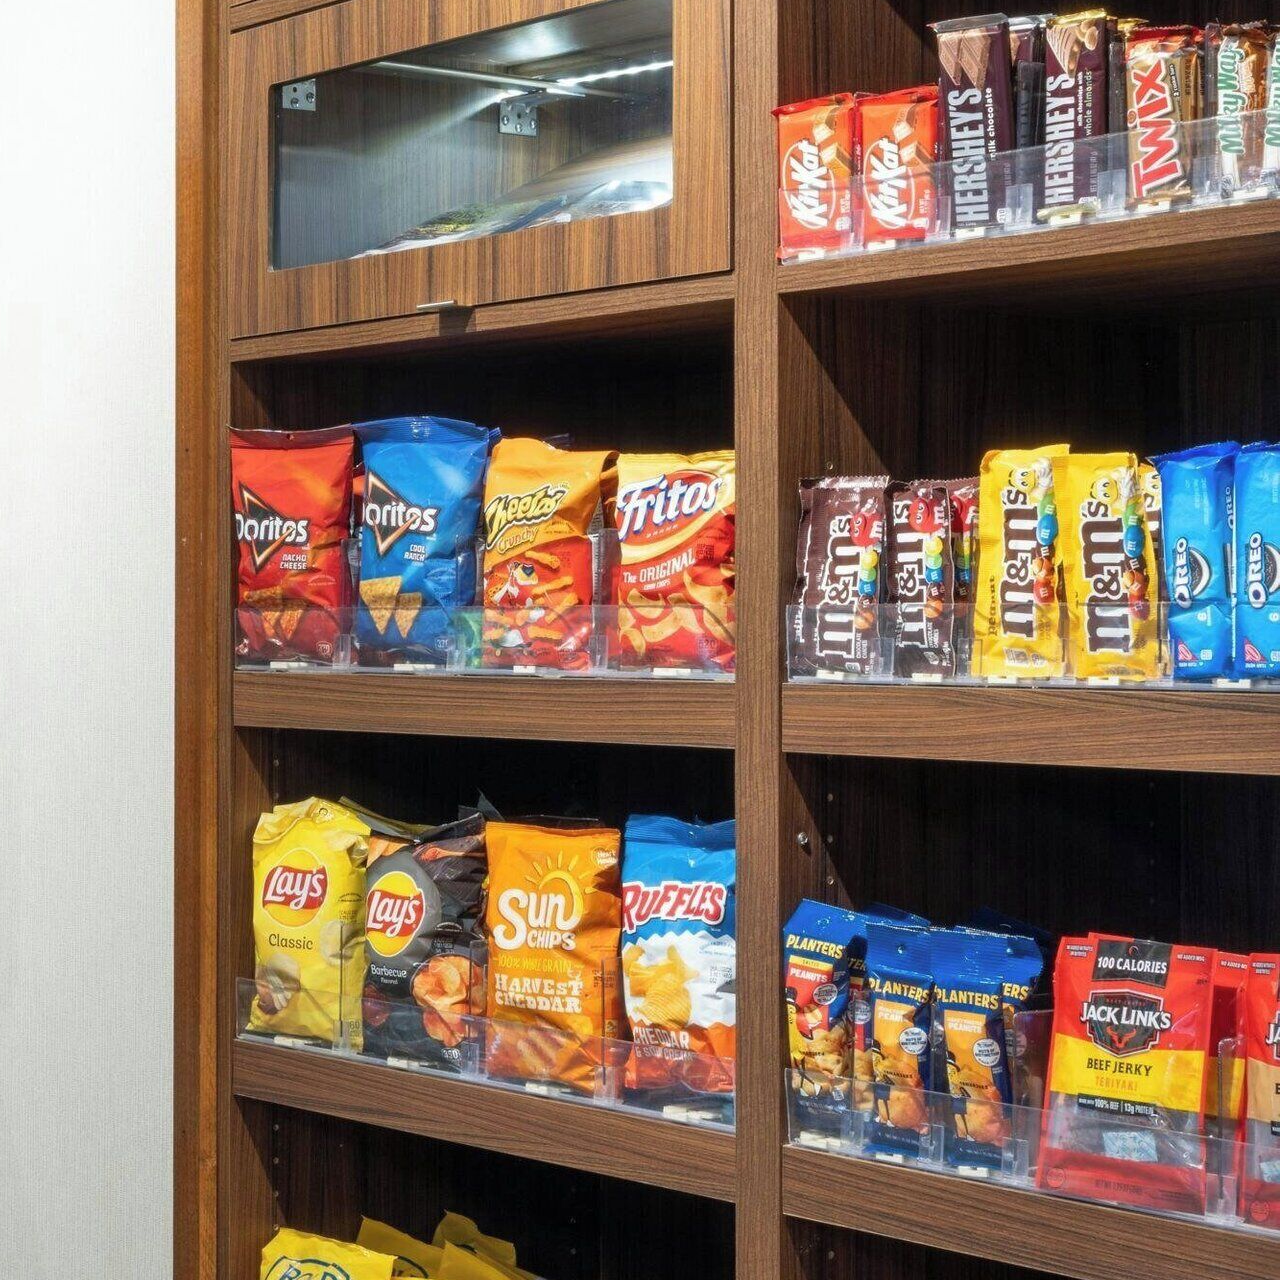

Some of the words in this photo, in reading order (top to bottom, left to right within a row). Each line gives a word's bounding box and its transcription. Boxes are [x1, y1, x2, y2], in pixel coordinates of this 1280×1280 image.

[1084, 69, 1093, 112] almonds
[985, 87, 995, 137] chocolate
[1085, 113, 1093, 135] whole
[1046, 73, 1075, 205] HERSHEY'S
[1127, 60, 1180, 198] TWIX
[948, 88, 990, 222] HERSHEY'S
[617, 474, 723, 540] Fritos
[236, 513, 308, 543] Doritos
[498, 527, 539, 552] Crunchy
[282, 554, 307, 562] NACHO
[404, 551, 425, 561] RANCH
[410, 544, 426, 553] COOL
[279, 561, 307, 570] CHEESE
[639, 548, 697, 582] ORIGINAL
[1175, 537, 1191, 608] OREO
[1249, 532, 1267, 608] OREO
[265, 865, 324, 909] Lay's
[367, 891, 419, 938] Lay's
[493, 888, 582, 950] Sun
[622, 882, 724, 931] RUFFLES
[268, 933, 313, 950] Classic
[526, 929, 576, 951] CHIPS
[785, 933, 843, 960] PLANTERS
[371, 964, 407, 979] Barbecue
[498, 955, 520, 968] 100%
[1097, 956, 1115, 970] 100
[1117, 958, 1168, 974] CALORIES
[494, 973, 584, 996] HARVEST
[790, 968, 828, 983] PEANUTS
[495, 991, 582, 1014] CHEDDAR
[869, 978, 929, 1004] PLANTERS
[934, 983, 999, 1009] PLANTERS
[949, 1021, 982, 1033] PEANUTS
[1081, 1002, 1118, 1025] JACK
[1122, 1007, 1172, 1030] LINK'S
[633, 1026, 690, 1049] CHEDDAR
[1086, 1058, 1111, 1071] BEEF
[1112, 1061, 1153, 1077] JERKY

*What is required*. Exact copy, no pictures: reproduce every record as it stands.

*Task output*.
Some of the words in this photo, in reading order (top to bottom, left to right within a row). Each line gives a word's bounding box and its transcription. Boxes are [x1, y1, x2, y2], in pixel coordinates of this 1280×1280 image.

[1084, 69, 1093, 112] almonds
[985, 87, 995, 137] chocolate
[1085, 113, 1093, 135] whole
[1046, 73, 1075, 205] HERSHEY'S
[1127, 60, 1180, 198] TWIX
[948, 88, 990, 222] HERSHEY'S
[617, 474, 723, 540] Fritos
[236, 513, 308, 543] Doritos
[498, 527, 539, 552] Crunchy
[282, 554, 307, 562] NACHO
[404, 551, 425, 561] RANCH
[410, 544, 426, 553] COOL
[279, 561, 307, 570] CHEESE
[639, 548, 697, 582] ORIGINAL
[1175, 537, 1191, 608] OREO
[1249, 532, 1267, 608] OREO
[265, 865, 324, 909] Lay's
[367, 891, 419, 938] Lay's
[493, 888, 582, 950] Sun
[622, 882, 724, 931] RUFFLES
[268, 933, 313, 950] Classic
[526, 929, 576, 951] CHIPS
[785, 933, 843, 960] PLANTERS
[371, 964, 407, 979] Barbecue
[498, 955, 520, 968] 100%
[1097, 956, 1115, 970] 100
[1117, 958, 1168, 974] CALORIES
[494, 973, 584, 996] HARVEST
[790, 968, 828, 983] PEANUTS
[495, 991, 582, 1014] CHEDDAR
[869, 978, 929, 1004] PLANTERS
[934, 983, 999, 1009] PLANTERS
[949, 1021, 982, 1033] PEANUTS
[1081, 1002, 1118, 1025] JACK
[1122, 1007, 1172, 1030] LINK'S
[633, 1026, 690, 1049] CHEDDAR
[1086, 1058, 1111, 1071] BEEF
[1112, 1061, 1153, 1077] JERKY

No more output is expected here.